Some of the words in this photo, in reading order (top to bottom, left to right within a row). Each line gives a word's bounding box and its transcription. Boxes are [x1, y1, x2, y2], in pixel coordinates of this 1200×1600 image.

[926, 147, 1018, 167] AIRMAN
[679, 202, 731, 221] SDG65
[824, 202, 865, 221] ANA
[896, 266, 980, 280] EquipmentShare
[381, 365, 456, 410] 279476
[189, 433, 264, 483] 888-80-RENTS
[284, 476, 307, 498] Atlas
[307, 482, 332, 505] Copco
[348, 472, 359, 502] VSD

Try it: Your task is to repeat the entries exactly.

Response for this exercise:
Some of the words in this photo, in reading order (top to bottom, left to right within a row). Each line gives a word's bounding box and its transcription. Boxes are [x1, y1, x2, y2], in pixel coordinates of this 1200×1600 image.

[926, 147, 1018, 167] AIRMAN
[679, 202, 731, 221] SDG65
[824, 202, 865, 221] ANA
[896, 266, 980, 280] EquipmentShare
[381, 365, 456, 410] 279476
[189, 433, 264, 483] 888-80-RENTS
[284, 476, 307, 498] Atlas
[307, 482, 332, 505] Copco
[348, 472, 359, 502] VSD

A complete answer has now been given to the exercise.